The DCLG was especially criticised after a number of spectacular interventions against local autonomy early on. When several local authorities announced that centrally imposed cuts would mean they could no longer offer weekly refuse collections, the DCLG at first attacked them, saying that they would not be allowed to do so. Then in June 2011, the Department backed down, admitting that in some cases such action was too expensive and made limited resources available in order to maintain collections. After this, one indignant Core City leader put it like this: 'We have a very good refuse collection. We are getting to 50 per cent recycling, we are using smaller bins, we have fortnightly collections for waste other than recycling, we have weekly collections for organics and recycling and Pickles has issued this edict that he is making this money available so that everybody can go back to weekly bin collections … It just seems absolutely bonkers.'

There followed a number of arguments with specific local authorities about their policies. For example, in April 2011 Somerset County Council introduced a charge at local community recycling centres 'in response to what the community asked us to look at in preference to closing the centres' (Read, 2011). Eric Pickles reacted by claiming that the government would not 'allow municipal bureaucrats
to introduce such backdoor bin charges for the collection or disposal of normal household waste'. However, as the local Managing Director argued, 'it is in the spirit of localism' (quoted in Read, 2011). One of our interviewees commented, 'central government cannot resist interfering in local affairs.' Similarly, in May 2011 Minister Pickles, on behalf of the government, overturned objections by the local planning authority supported by the results of a local referendum and instead supported an appeal by a company wishing to allow nuclear waste to be transported to a landfill site near Peterborough. Even the local Conservative MP objected, telling the BBC that the decision undermined the government's professed commitment to localism. 'We had a local referendum at the ballot box, not a petition, actual votes cast and 96 per cent of people were against this dump.
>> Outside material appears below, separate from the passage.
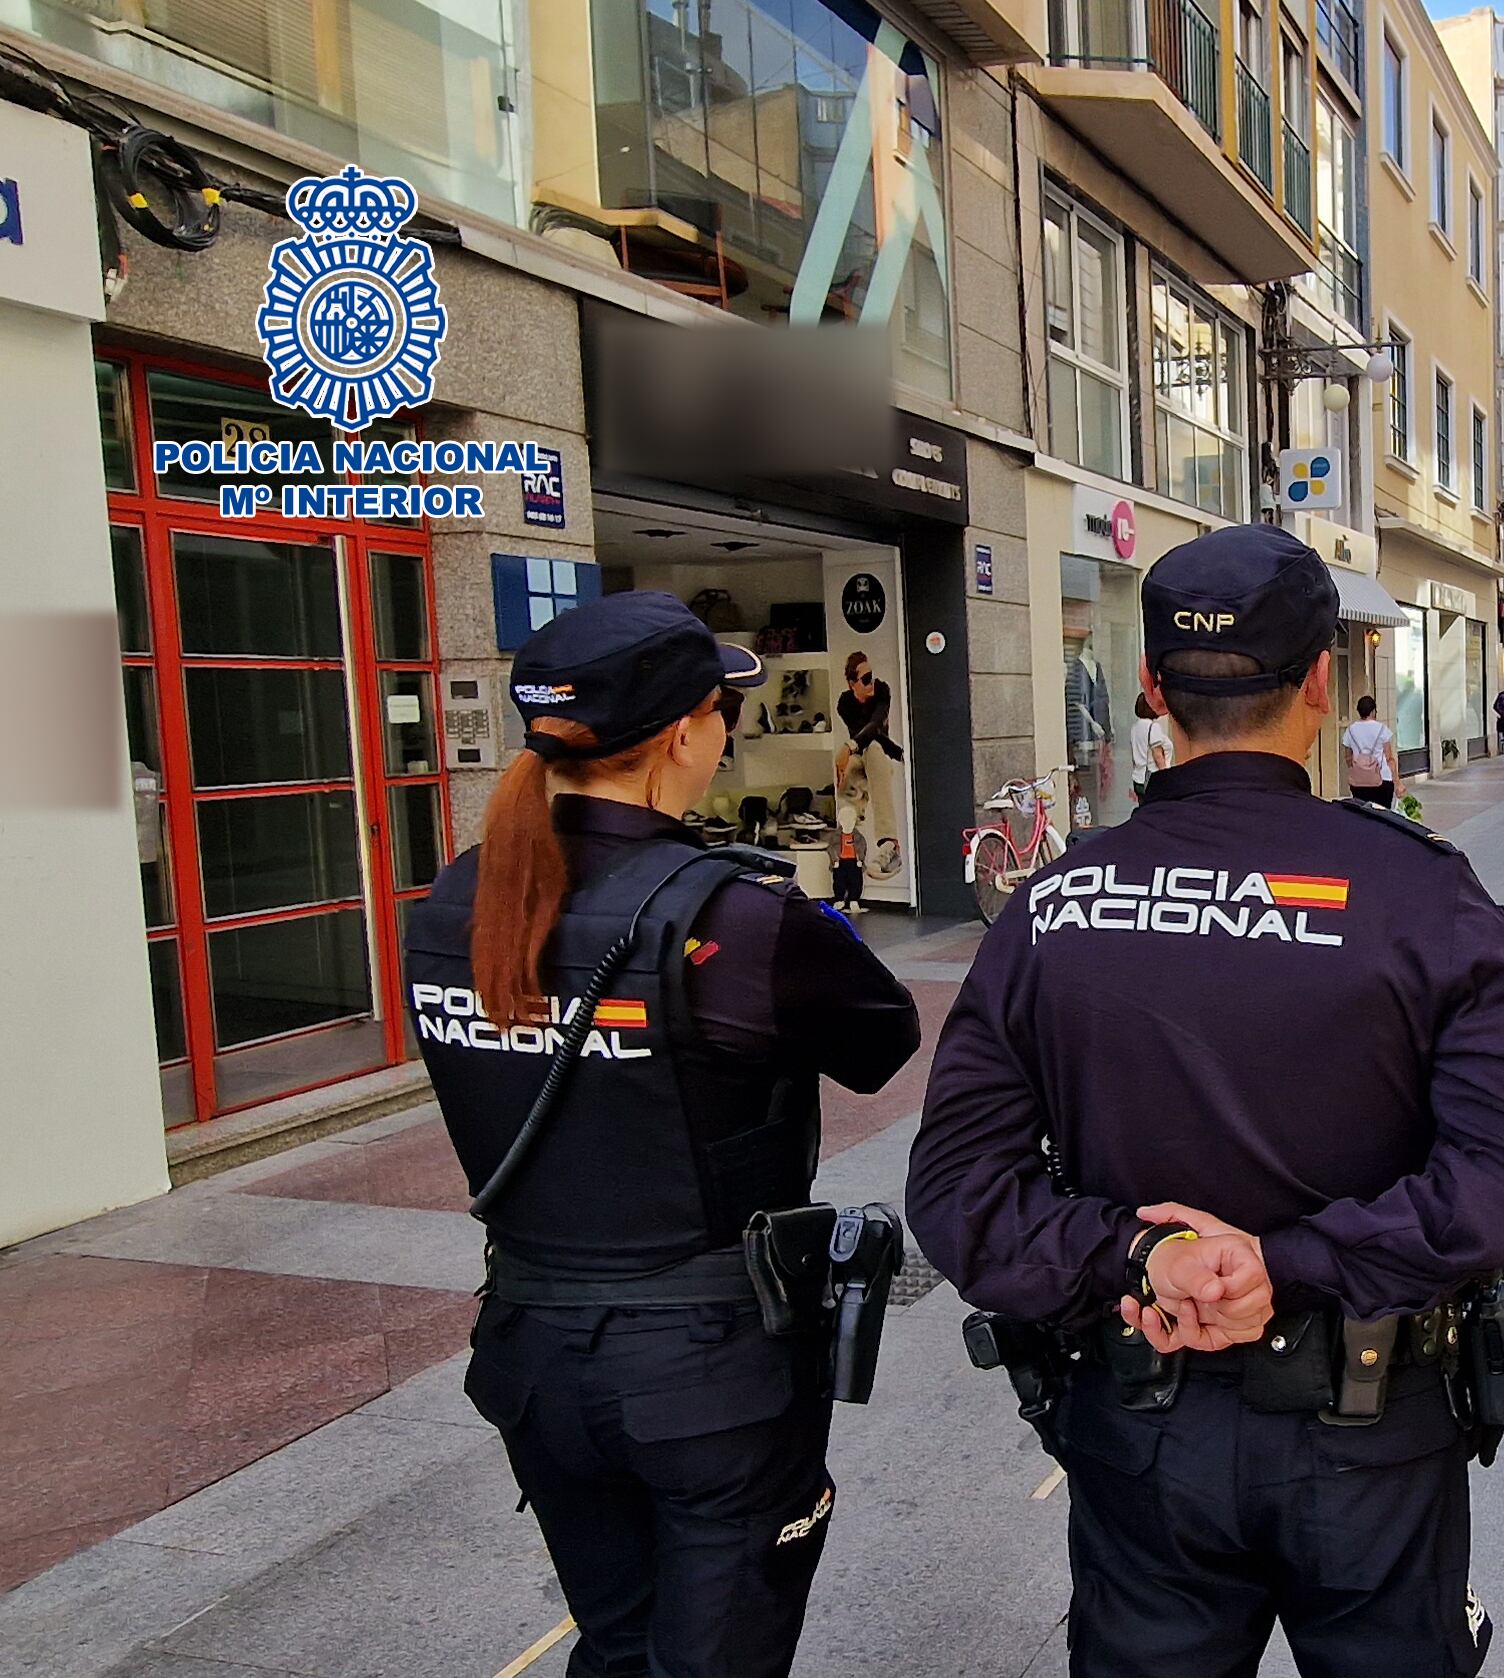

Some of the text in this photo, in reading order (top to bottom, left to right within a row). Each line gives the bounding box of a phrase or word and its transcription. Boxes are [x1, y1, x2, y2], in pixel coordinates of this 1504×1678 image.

[1173, 611, 1235, 634] CNP
[1029, 864, 1276, 913] POLICIA
[1031, 899, 1343, 946] NACIONAL
I will be asking the Secretary of State why his department has taken this appalling decision' (Bagshaw, 2011). The trend has continued. In April 2013, the DCLG Minister presented a new proposal relating to controls over local council's publishing of publicity material which sought to limit the frequency of council publications and forbade them from council publications as vehicles for political propaganda' (Vize, 2013). This was severely criticised by the New Local Government Association (NLGA, 2013).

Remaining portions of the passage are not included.